Directions - All of the records below are to be output exactly; no image belongs in the result.

------------------------------------------------------------

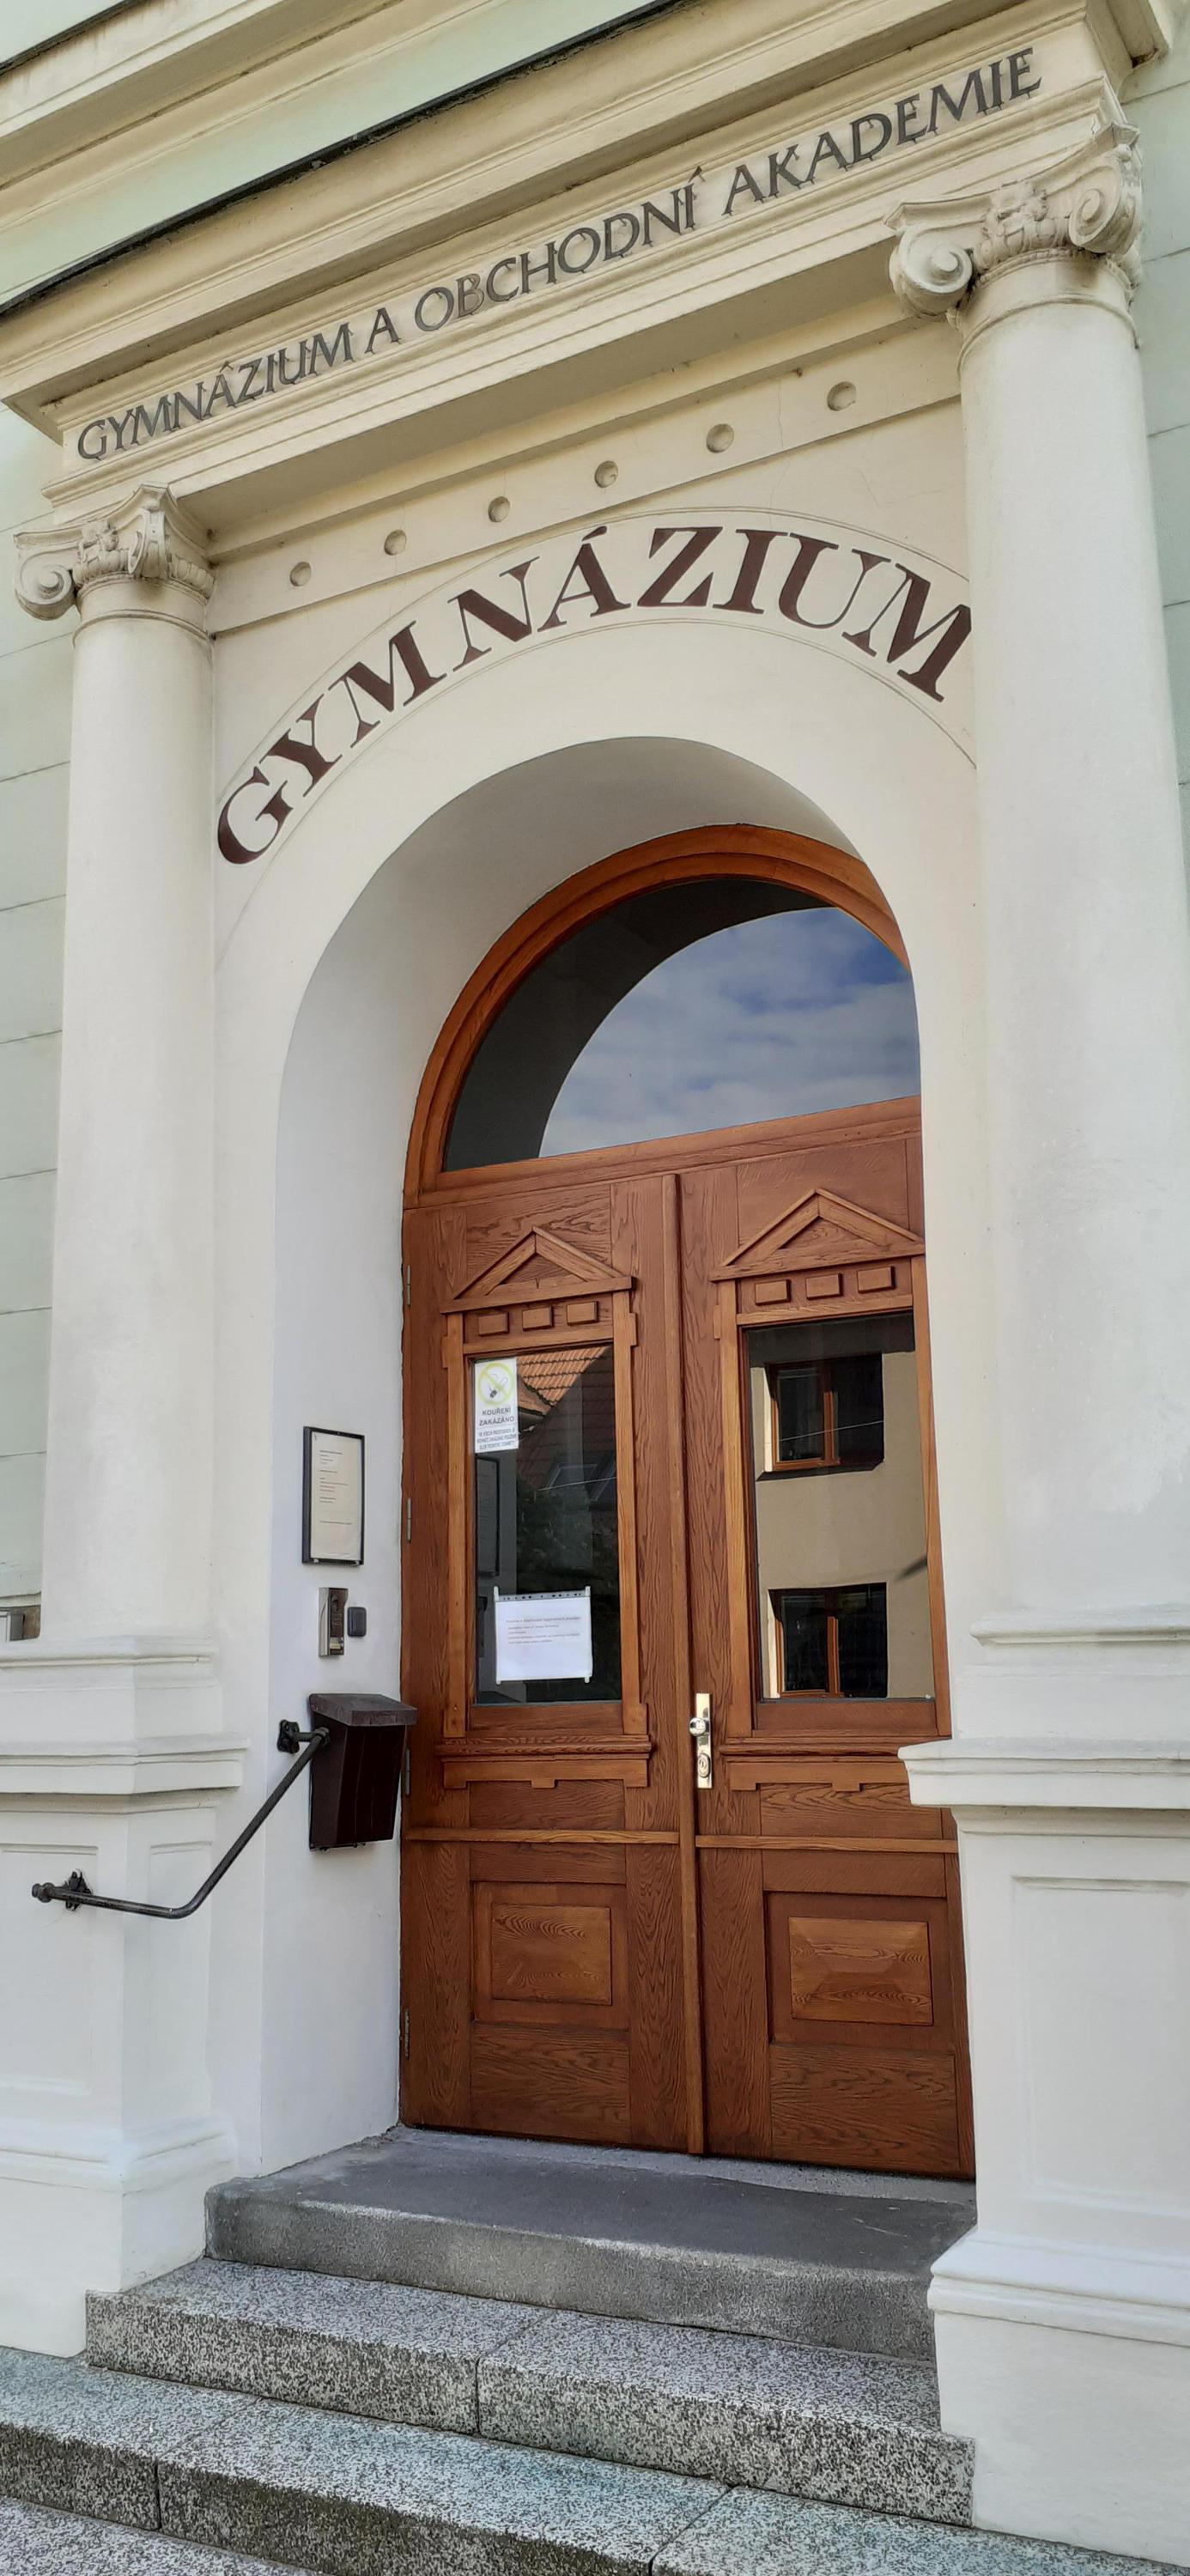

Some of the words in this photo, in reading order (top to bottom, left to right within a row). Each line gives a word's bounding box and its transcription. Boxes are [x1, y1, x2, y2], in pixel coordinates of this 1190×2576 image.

[77, 322, 355, 461] GYMNÁZIUM
[364, 307, 403, 355] A
[414, 166, 706, 332] OBCHODNÍ
[721, 47, 1041, 217] AKADEMIE
[216, 526, 972, 865] GYMNÁZIUM
[479, 1415, 514, 1426] ZAKÁZÁNO
[482, 1406, 512, 1416] KOUŘENÍ

------------------------------------------------------------

Task response -
Some of the words in this photo, in reading order (top to bottom, left to right within a row). Each line gives a word's bounding box and its transcription. Boxes are [x1, y1, x2, y2], in pixel coordinates of this 1190×2576 image.

[77, 322, 355, 461] GYMNÁZIUM
[364, 307, 403, 355] A
[414, 166, 706, 332] OBCHODNÍ
[721, 47, 1041, 217] AKADEMIE
[216, 526, 972, 865] GYMNÁZIUM
[479, 1415, 514, 1426] ZAKÁZÁNO
[482, 1406, 512, 1416] KOUŘENÍ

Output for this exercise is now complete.